> **Task to carry out**
Leave out the pictures and print the records below exactly.

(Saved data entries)

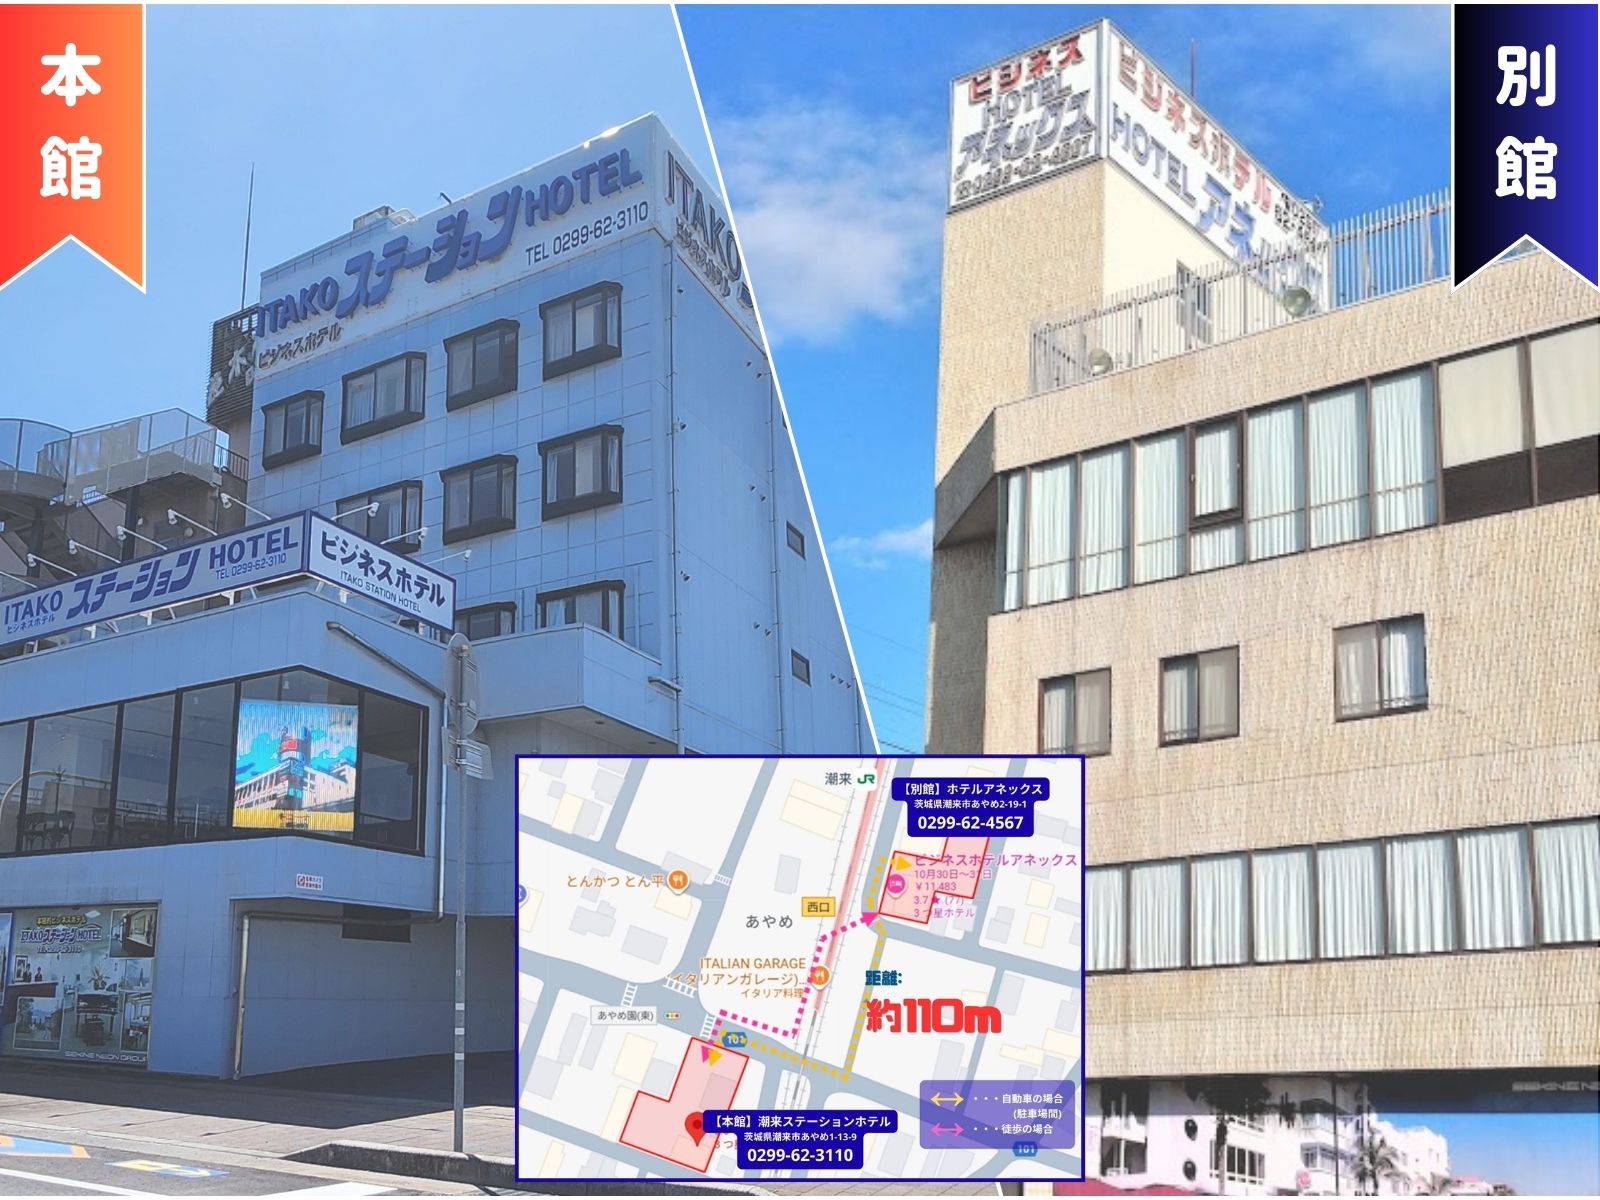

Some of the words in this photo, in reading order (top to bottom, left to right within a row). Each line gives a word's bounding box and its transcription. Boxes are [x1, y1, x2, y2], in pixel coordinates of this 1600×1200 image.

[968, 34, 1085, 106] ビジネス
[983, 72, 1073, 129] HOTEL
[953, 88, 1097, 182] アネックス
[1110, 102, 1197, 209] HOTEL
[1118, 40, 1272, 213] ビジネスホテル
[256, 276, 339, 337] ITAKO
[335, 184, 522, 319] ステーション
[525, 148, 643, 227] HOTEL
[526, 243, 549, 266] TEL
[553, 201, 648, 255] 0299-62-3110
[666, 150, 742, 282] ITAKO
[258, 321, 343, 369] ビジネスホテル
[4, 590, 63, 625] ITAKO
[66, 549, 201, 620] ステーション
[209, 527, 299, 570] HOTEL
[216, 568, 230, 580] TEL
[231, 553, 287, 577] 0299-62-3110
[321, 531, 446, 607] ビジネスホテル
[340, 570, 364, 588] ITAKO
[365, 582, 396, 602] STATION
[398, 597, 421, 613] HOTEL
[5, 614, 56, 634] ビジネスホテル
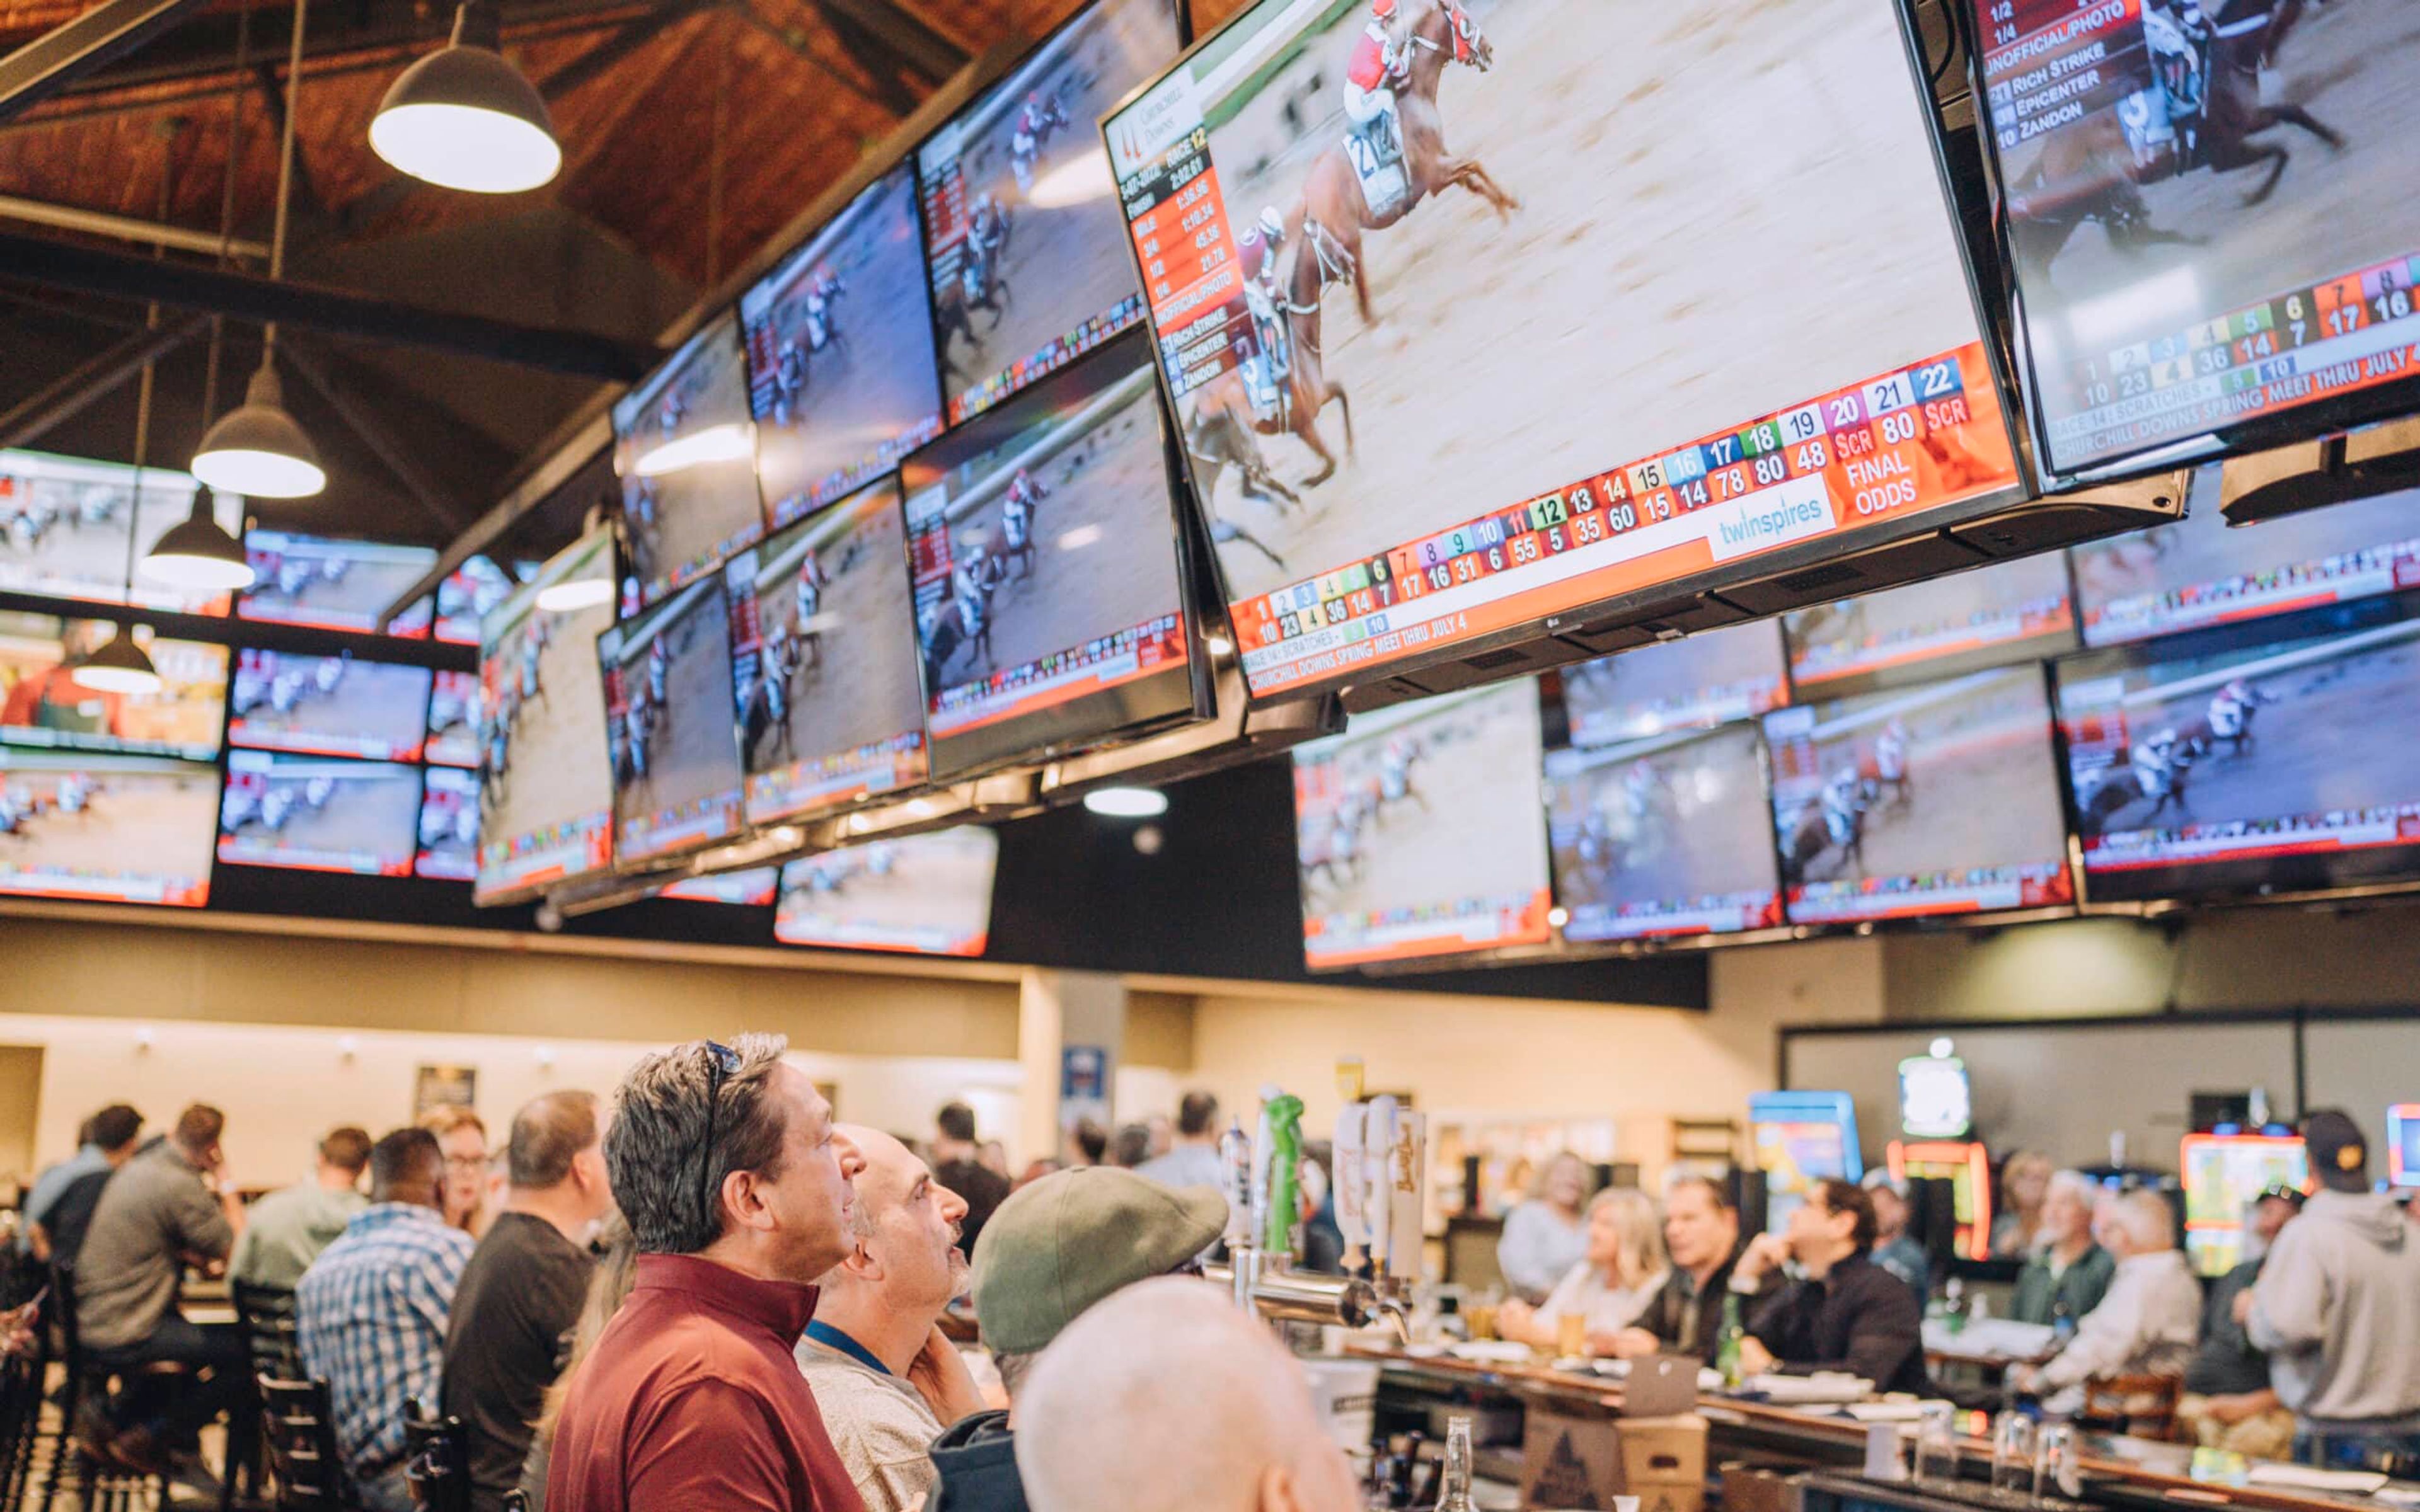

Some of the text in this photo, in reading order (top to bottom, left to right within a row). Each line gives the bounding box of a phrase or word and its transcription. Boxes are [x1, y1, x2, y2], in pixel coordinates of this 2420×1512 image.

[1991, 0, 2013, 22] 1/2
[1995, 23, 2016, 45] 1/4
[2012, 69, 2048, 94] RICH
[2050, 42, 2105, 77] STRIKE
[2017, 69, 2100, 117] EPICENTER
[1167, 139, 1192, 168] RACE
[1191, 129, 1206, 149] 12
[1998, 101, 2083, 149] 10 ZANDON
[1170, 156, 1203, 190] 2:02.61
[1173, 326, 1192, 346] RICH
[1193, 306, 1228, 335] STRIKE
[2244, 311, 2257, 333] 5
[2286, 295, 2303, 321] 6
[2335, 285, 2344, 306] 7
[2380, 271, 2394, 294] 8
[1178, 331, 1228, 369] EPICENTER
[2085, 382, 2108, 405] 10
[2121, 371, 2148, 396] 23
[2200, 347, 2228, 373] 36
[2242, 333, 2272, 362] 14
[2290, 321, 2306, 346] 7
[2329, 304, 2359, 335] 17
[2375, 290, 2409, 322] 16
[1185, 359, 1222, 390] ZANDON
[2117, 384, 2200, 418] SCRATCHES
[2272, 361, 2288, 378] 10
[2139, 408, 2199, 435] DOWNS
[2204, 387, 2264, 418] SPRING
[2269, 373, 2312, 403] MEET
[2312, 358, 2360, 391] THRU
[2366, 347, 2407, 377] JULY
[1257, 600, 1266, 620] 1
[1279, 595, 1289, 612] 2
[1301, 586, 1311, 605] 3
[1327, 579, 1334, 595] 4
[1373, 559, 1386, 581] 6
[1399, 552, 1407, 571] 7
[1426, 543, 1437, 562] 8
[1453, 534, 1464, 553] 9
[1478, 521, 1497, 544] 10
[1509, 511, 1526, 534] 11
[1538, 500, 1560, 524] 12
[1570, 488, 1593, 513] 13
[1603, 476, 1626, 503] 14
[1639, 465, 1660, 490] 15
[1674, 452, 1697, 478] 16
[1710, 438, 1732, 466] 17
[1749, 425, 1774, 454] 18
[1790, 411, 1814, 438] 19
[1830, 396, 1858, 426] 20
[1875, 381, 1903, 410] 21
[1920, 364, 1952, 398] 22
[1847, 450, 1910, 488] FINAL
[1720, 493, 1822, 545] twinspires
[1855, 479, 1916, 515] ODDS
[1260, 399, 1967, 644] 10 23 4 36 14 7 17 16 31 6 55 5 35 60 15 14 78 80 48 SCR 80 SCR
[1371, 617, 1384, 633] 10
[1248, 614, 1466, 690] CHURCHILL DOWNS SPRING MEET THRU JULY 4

> **Solved problem**
Some of the words in this photo, in reading order (top to bottom, left to right within a row). Each line gives a word's bounding box and its transcription. Boxes are [x1, y1, x2, y2], in pixel coordinates of this 1600×1200 image.

[968, 34, 1085, 106] ビジネス
[983, 72, 1073, 129] HOTEL
[953, 88, 1097, 182] アネックス
[1110, 102, 1197, 209] HOTEL
[1118, 40, 1272, 213] ビジネスホテル
[256, 276, 339, 337] ITAKO
[335, 184, 522, 319] ステーション
[525, 148, 643, 227] HOTEL
[526, 243, 549, 266] TEL
[553, 201, 648, 255] 0299-62-3110
[666, 150, 742, 282] ITAKO
[258, 321, 343, 369] ビジネスホテル
[4, 590, 63, 625] ITAKO
[66, 549, 201, 620] ステーション
[209, 527, 299, 570] HOTEL
[216, 568, 230, 580] TEL
[231, 553, 287, 577] 0299-62-3110
[321, 531, 446, 607] ビジネスホテル
[340, 570, 364, 588] ITAKO
[365, 582, 396, 602] STATION
[398, 597, 421, 613] HOTEL
[5, 614, 56, 634] ビジネスホテル

Some of the text in this photo, in reading order (top to bottom, left to right within a row). Each line gives the bounding box of a phrase or word and its transcription. Boxes are [x1, y1, x2, y2], in pixel coordinates of this 2420×1512 image.

[1991, 0, 2013, 22] 1/2
[1995, 23, 2016, 45] 1/4
[2012, 69, 2048, 94] RICH
[2050, 42, 2105, 77] STRIKE
[2017, 69, 2100, 117] EPICENTER
[1167, 139, 1192, 168] RACE
[1191, 129, 1206, 149] 12
[1998, 101, 2083, 149] 10 ZANDON
[1170, 156, 1203, 190] 2:02.61
[1173, 326, 1192, 346] RICH
[1193, 306, 1228, 335] STRIKE
[2244, 311, 2257, 333] 5
[2286, 295, 2303, 321] 6
[2335, 285, 2344, 306] 7
[2380, 271, 2394, 294] 8
[1178, 331, 1228, 369] EPICENTER
[2085, 382, 2108, 405] 10
[2121, 371, 2148, 396] 23
[2200, 347, 2228, 373] 36
[2242, 333, 2272, 362] 14
[2290, 321, 2306, 346] 7
[2329, 304, 2359, 335] 17
[2375, 290, 2409, 322] 16
[1185, 359, 1222, 390] ZANDON
[2117, 384, 2200, 418] SCRATCHES
[2272, 361, 2288, 378] 10
[2139, 408, 2199, 435] DOWNS
[2204, 387, 2264, 418] SPRING
[2269, 373, 2312, 403] MEET
[2312, 358, 2360, 391] THRU
[2366, 347, 2407, 377] JULY
[1257, 600, 1266, 620] 1
[1279, 595, 1289, 612] 2
[1301, 586, 1311, 605] 3
[1327, 579, 1334, 595] 4
[1373, 559, 1386, 581] 6
[1399, 552, 1407, 571] 7
[1426, 543, 1437, 562] 8
[1453, 534, 1464, 553] 9
[1478, 521, 1497, 544] 10
[1509, 511, 1526, 534] 11
[1538, 500, 1560, 524] 12
[1570, 488, 1593, 513] 13
[1603, 476, 1626, 503] 14
[1639, 465, 1660, 490] 15
[1674, 452, 1697, 478] 16
[1710, 438, 1732, 466] 17
[1749, 425, 1774, 454] 18
[1790, 411, 1814, 438] 19
[1830, 396, 1858, 426] 20
[1875, 381, 1903, 410] 21
[1920, 364, 1952, 398] 22
[1847, 450, 1910, 488] FINAL
[1720, 493, 1822, 545] twinspires
[1855, 479, 1916, 515] ODDS
[1260, 399, 1967, 644] 10 23 4 36 14 7 17 16 31 6 55 5 35 60 15 14 78 80 48 SCR 80 SCR
[1371, 617, 1384, 633] 10
[1248, 614, 1466, 690] CHURCHILL DOWNS SPRING MEET THRU JULY 4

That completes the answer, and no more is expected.